*PROBLEM TO SOLVE*. Without dropping or altering a single word, give the listing again.

*PROVIDED DATA*.
========

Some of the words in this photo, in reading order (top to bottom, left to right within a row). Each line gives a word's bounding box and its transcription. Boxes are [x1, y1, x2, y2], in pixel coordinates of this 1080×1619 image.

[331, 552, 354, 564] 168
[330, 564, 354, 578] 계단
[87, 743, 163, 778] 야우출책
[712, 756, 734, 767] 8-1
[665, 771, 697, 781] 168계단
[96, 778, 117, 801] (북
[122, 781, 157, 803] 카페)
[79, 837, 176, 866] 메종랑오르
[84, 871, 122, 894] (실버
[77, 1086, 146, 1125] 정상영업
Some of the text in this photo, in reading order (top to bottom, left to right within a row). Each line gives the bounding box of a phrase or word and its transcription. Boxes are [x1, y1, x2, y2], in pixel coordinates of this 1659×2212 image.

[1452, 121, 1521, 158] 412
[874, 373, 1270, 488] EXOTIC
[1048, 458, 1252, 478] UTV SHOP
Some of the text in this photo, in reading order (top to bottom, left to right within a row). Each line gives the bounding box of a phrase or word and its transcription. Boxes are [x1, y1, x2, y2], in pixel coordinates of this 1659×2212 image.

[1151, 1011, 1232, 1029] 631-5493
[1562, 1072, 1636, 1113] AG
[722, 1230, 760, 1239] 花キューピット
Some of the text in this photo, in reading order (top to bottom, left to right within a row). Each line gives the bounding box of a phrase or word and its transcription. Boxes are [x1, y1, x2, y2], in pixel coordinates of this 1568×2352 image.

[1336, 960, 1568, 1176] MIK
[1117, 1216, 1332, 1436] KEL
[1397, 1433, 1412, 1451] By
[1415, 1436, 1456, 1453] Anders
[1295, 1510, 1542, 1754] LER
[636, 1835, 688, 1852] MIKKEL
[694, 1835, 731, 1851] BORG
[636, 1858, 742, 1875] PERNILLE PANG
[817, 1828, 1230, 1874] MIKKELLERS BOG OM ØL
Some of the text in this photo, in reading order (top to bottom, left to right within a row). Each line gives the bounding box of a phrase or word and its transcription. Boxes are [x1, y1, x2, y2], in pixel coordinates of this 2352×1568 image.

========

*EXERCISE RESULT*.
Some of the words in this photo, in reading order (top to bottom, left to right within a row). Each line gives a word's bounding box and its transcription. Boxes are [x1, y1, x2, y2], in pixel coordinates of this 1080×1619 image.

[331, 552, 354, 564] 168
[330, 564, 354, 578] 계단
[87, 743, 163, 778] 야우출책
[712, 756, 734, 767] 8-1
[665, 771, 697, 781] 168계단
[96, 778, 117, 801] (북
[122, 781, 157, 803] 카페)
[79, 837, 176, 866] 메종랑오르
[84, 871, 122, 894] (실버
[77, 1086, 146, 1125] 정상영업
Some of the text in this photo, in reading order (top to bottom, left to right within a row). Each line gives the bounding box of a phrase or word and its transcription. Boxes are [x1, y1, x2, y2], in pixel coordinates of this 1659×2212 image.

[1452, 121, 1521, 158] 412
[874, 373, 1270, 488] EXOTIC
[1048, 458, 1252, 478] UTV SHOP
Some of the text in this photo, in reading order (top to bottom, left to right within a row). Each line gives the bounding box of a phrase or word and its transcription. Boxes are [x1, y1, x2, y2], in pixel coordinates of this 1659×2212 image.

[1151, 1011, 1232, 1029] 631-5493
[1562, 1072, 1636, 1113] AG
[722, 1230, 760, 1239] 花キューピット
Some of the text in this photo, in reading order (top to bottom, left to right within a row). Each line gives the bounding box of a phrase or word and its transcription. Boxes are [x1, y1, x2, y2], in pixel coordinates of this 1568×2352 image.

[1336, 960, 1568, 1176] MIK
[1117, 1216, 1332, 1436] KEL
[1397, 1433, 1412, 1451] By
[1415, 1436, 1456, 1453] Anders
[1295, 1510, 1542, 1754] LER
[636, 1835, 688, 1852] MIKKEL
[694, 1835, 731, 1851] BORG
[636, 1858, 742, 1875] PERNILLE PANG
[817, 1828, 1230, 1874] MIKKELLERS BOG OM ØL
Some of the text in this photo, in reading order (top to bottom, left to right within a row). Each line gives the bounding box of a phrase or word and its transcription. Boxes are [x1, y1, x2, y2], in pixel coordinates of this 2352×1568 image.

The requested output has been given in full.